Inauguration day for Recep Tayyip Erdogan. The Turkish president, re-elected Sunday at the head of the country, is sworn in Saturday, June 3 in Ankara for a new five-year term and will announce the composition of his government in the process.

In addition to about twenty heads of state, according to the pro-government press, the presence of NATO Secretary General Jens Stoltenberg, confirmed by the Alliance, will shed particular light on the festivities.

Turkey, which has maintained its veto on Sweden's entry into the Atlantic Alliance for 13 months, is being courted to agree to lift it by the time of the organization's summit in Vilnius in July.

"Clear message to our Swedish friends! Respect your commitments (...) and take concrete measures in the fight against terrorism. The rest will follow," current Foreign Minister Mevlut Cavusoglu tweeted late Thursday.

Despite an amended constitution and a new anti-terrorism law, Ankara still accuses Sweden of sheltering Kurdish refugees whom it describes as "terrorists".

Turning around the economy in crisis

Another burning issue, the list of ministers that will be announced in the evening, after the festivities, should give an idea of the orientations adopted by the head of state to recover the economy in crisis.

For this arduous task, the name of a recognized expert, Mehmet Simsek, has been circulating insistently for several days.

Former Finance Minister (2009-2015) then Deputy Prime Minister for the Economy (until 2018), Mehmet Simsek, 56, former Merrill Lynch economist, would be responsible for restoring some orthodoxy in order to restore investor confidence.

In addition to inflation above 40%, encouraged by the steady decline in interest rates, the national currency was in free fall, despite billions of dollars swallowed up during the campaign to delay its sinking.

Conservatives in good place

According to Turkish media, twenty heads of state and forty-five foreign ministers will attend the ceremonies, which will end with a dinner at the gigantic presidential palace built by the head of state on a hill away from the center of the capital.

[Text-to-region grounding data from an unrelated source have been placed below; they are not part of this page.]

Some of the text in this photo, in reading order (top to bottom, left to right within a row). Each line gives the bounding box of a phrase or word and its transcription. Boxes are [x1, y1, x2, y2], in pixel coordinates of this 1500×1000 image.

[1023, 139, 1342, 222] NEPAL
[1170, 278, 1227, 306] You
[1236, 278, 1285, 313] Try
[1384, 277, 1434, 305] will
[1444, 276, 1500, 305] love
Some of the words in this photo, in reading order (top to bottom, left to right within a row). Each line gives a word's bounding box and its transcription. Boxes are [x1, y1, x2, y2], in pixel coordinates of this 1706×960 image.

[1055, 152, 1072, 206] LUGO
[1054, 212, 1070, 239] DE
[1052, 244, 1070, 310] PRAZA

Among them were Azerbaijani President Ilham Aliyev, Erdogan's close ally, and the Prime Ministers of Hungary, Viktor Orban, and Qatar, Mohammed bin Abderrahman al-Thani, who were among the first to congratulate him on his re-election after twenty years in power. Viktor Orban is also reluctant to open NATO's doors to Sweden.

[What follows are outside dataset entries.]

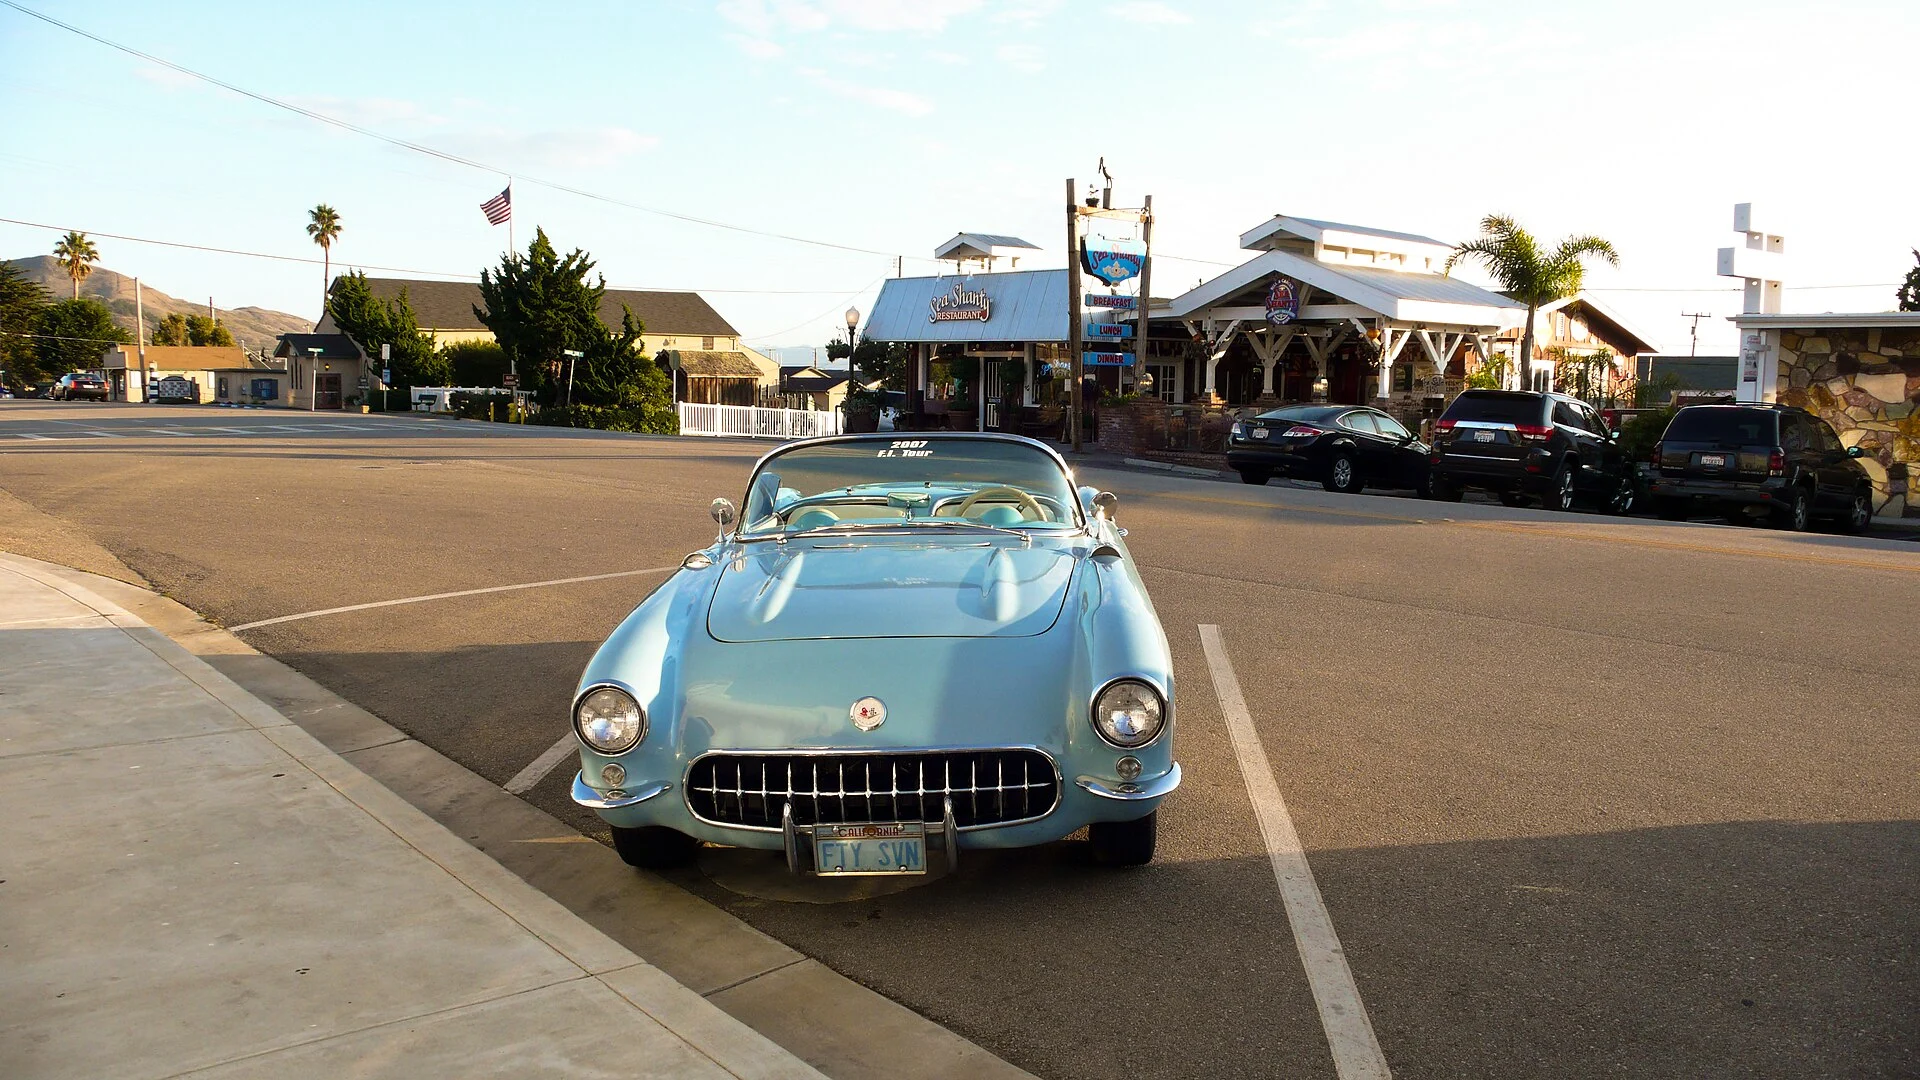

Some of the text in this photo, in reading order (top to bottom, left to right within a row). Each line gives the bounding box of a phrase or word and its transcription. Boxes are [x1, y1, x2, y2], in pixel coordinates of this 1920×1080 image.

[1092, 243, 1141, 277] Sea Shanty
[929, 282, 990, 323] Sea Shanty
[1093, 296, 1132, 307] BREAKFAST
[937, 311, 982, 320] RESTAURANT
[1100, 325, 1122, 335] LUNCH
[1097, 354, 1124, 363] DINNER
[902, 449, 933, 457] Tour
[839, 826, 899, 837] CALIFORNIA
[822, 841, 919, 867] FTY SVN

Recep Tayyip Erdogan, forced for the first time to a second round, obtained 52.18% of the vote against 47.82% for his opponent, the Social Democrat Kemal Kiliçdaroglu, according to official results published Thursday, at the end of a bitter campaign that leaves the country polarized between the two camps.

The parliament, elected on May 14 at the same time as the first round of the presidential election, took up residence Friday in Ankara: the president's AKP party and its allies hold the majority of the 600 seats.

The conservatives sit prominently, both on the side of the government (with the MHP, ultranationalist) and the opposition, with the Good Party, ally of circumstance for the presidential election to Kemal Kiliçdaroglu.